START Input

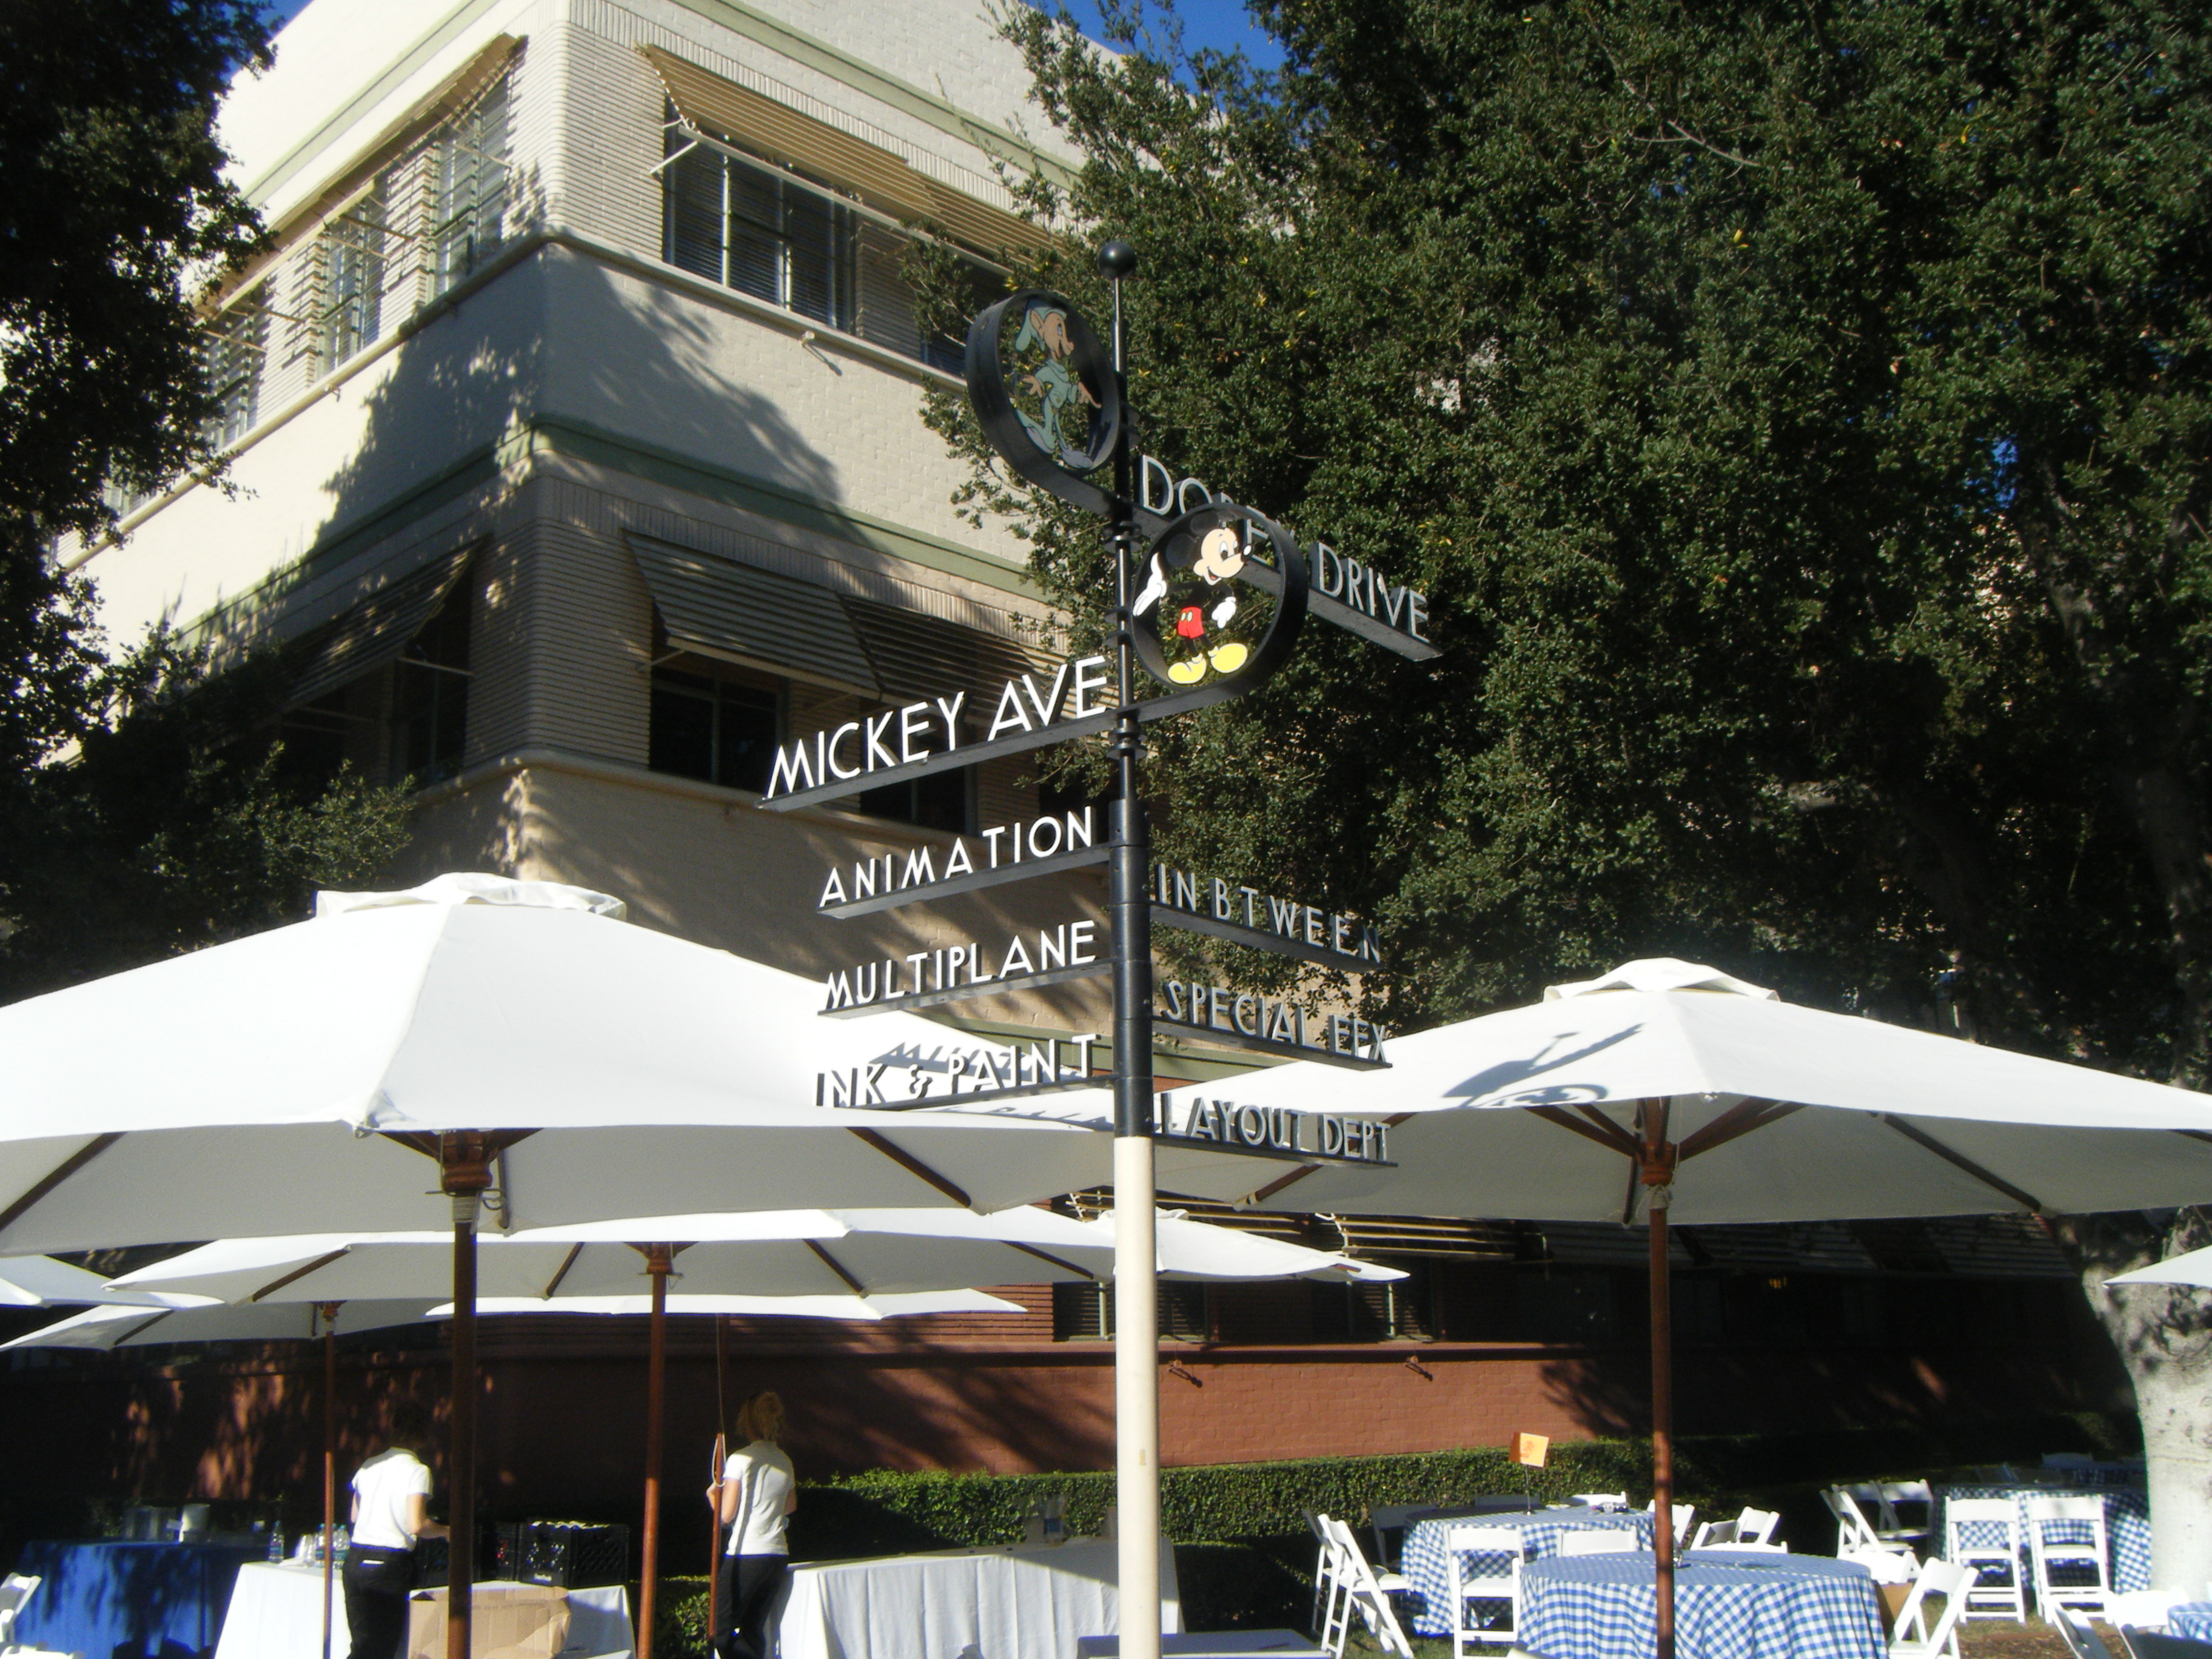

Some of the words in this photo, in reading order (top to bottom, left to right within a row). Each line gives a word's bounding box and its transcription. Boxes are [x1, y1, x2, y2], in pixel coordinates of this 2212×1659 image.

[1315, 541, 1429, 643] DRIVE
[766, 691, 965, 799] MICKEY
[987, 655, 1107, 741] AVE
[819, 805, 1092, 908] ANIMATION
[825, 920, 1097, 1010] MULTIPLANE
[1163, 980, 1318, 1048] SPECIAL
[1330, 1014, 1387, 1062] EFX
[813, 1062, 888, 1108] INK
[908, 1064, 933, 1099] &
[948, 1033, 1100, 1095] PAINT
[1162, 1092, 1308, 1150] LAYOUT
[1320, 1113, 1391, 1161] DEPT
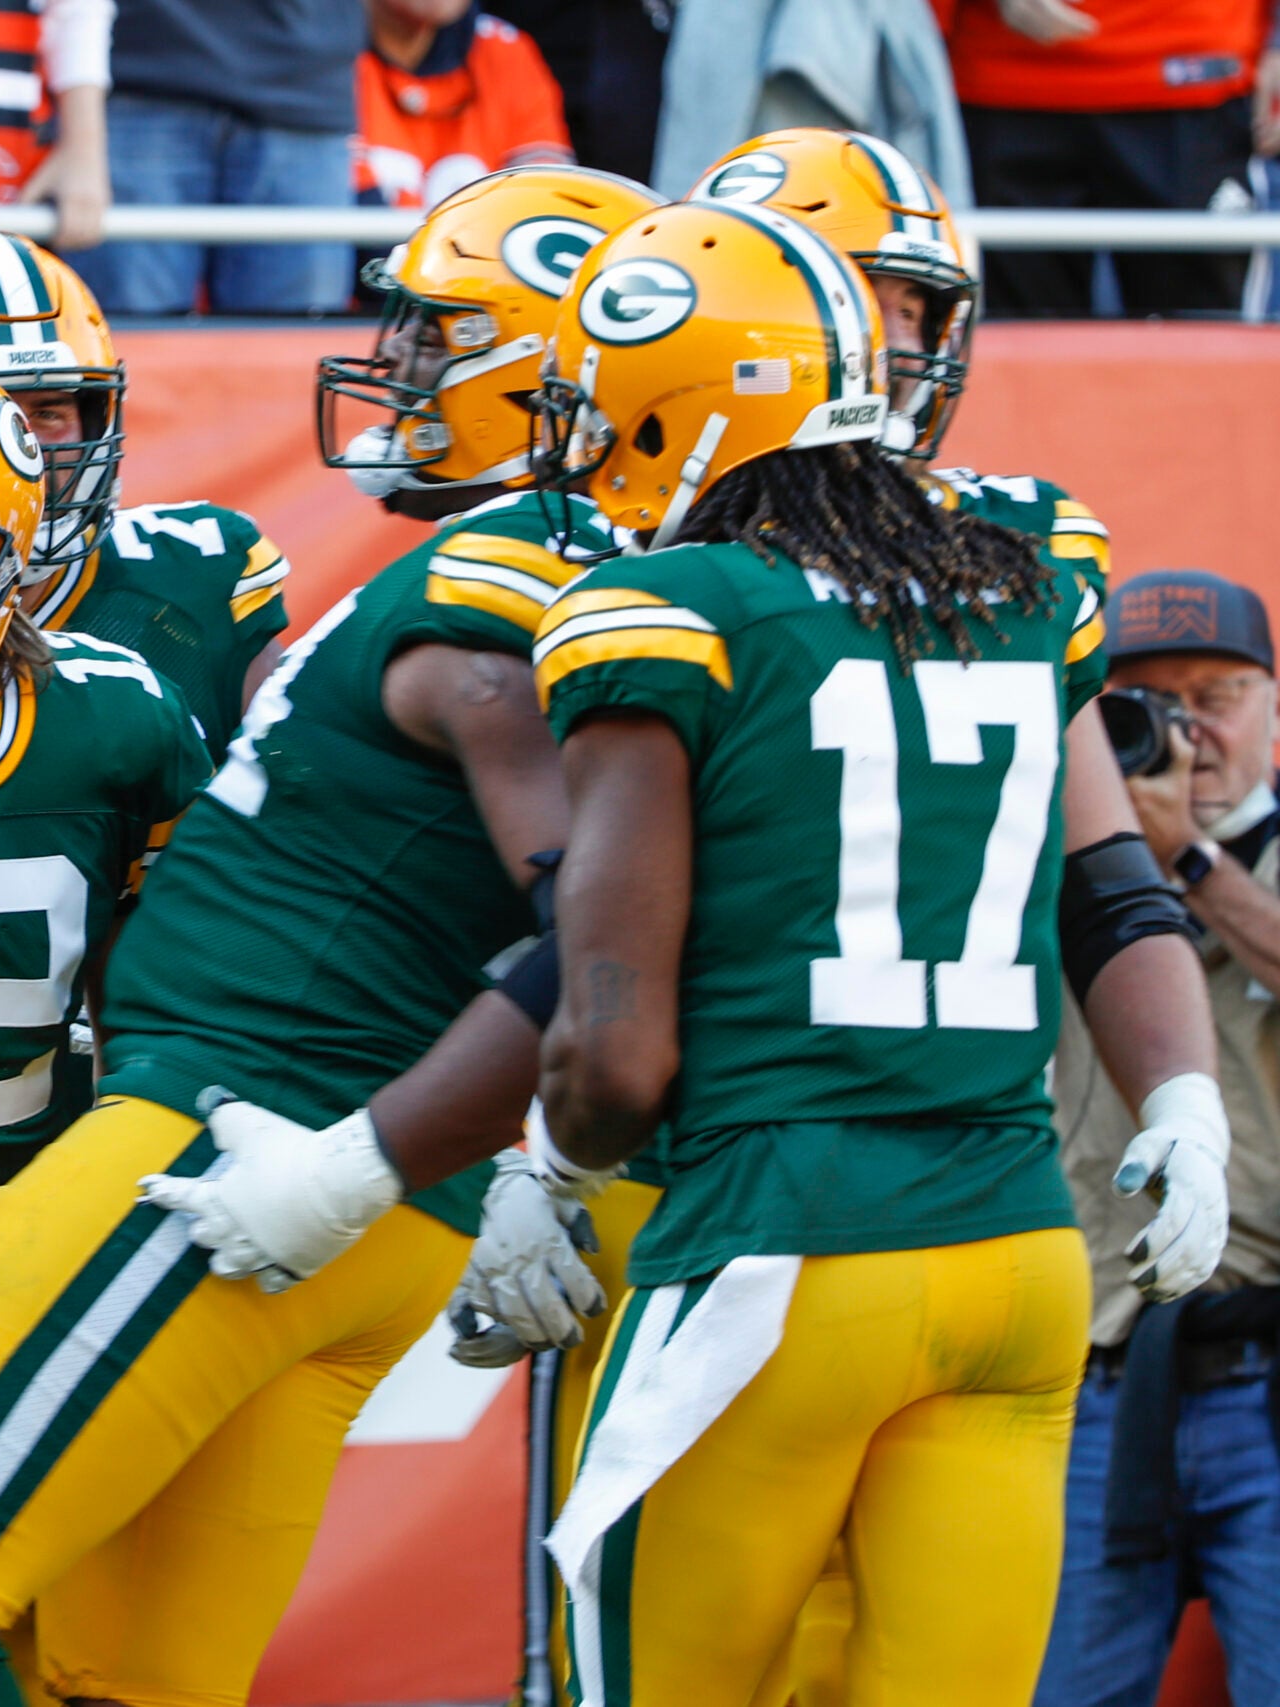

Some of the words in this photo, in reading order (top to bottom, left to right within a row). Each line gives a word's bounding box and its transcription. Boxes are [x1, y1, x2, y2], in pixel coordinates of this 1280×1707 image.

END Input

• What you are asked to do: Copy all the material word for word, minus its pictures.

• Task response:
Some of the words in this photo, in reading order (top to bottom, left to right within a row). Each line gives a word's bounding box and its transcription. Boxes are [x1, y1, x2, y2], in pixel coordinates of this 2212×1659 image.

[1315, 541, 1429, 643] DRIVE
[766, 691, 965, 799] MICKEY
[987, 655, 1107, 741] AVE
[819, 805, 1092, 908] ANIMATION
[825, 920, 1097, 1010] MULTIPLANE
[1163, 980, 1318, 1048] SPECIAL
[1330, 1014, 1387, 1062] EFX
[813, 1062, 888, 1108] INK
[908, 1064, 933, 1099] &
[948, 1033, 1100, 1095] PAINT
[1162, 1092, 1308, 1150] LAYOUT
[1320, 1113, 1391, 1161] DEPT

Some of the words in this photo, in reading order (top to bottom, left to right within a row). Each line gives a word's bounding box and its transcription. Boxes are [x1, y1, x2, y2], in pixel coordinates of this 1280×1707 image.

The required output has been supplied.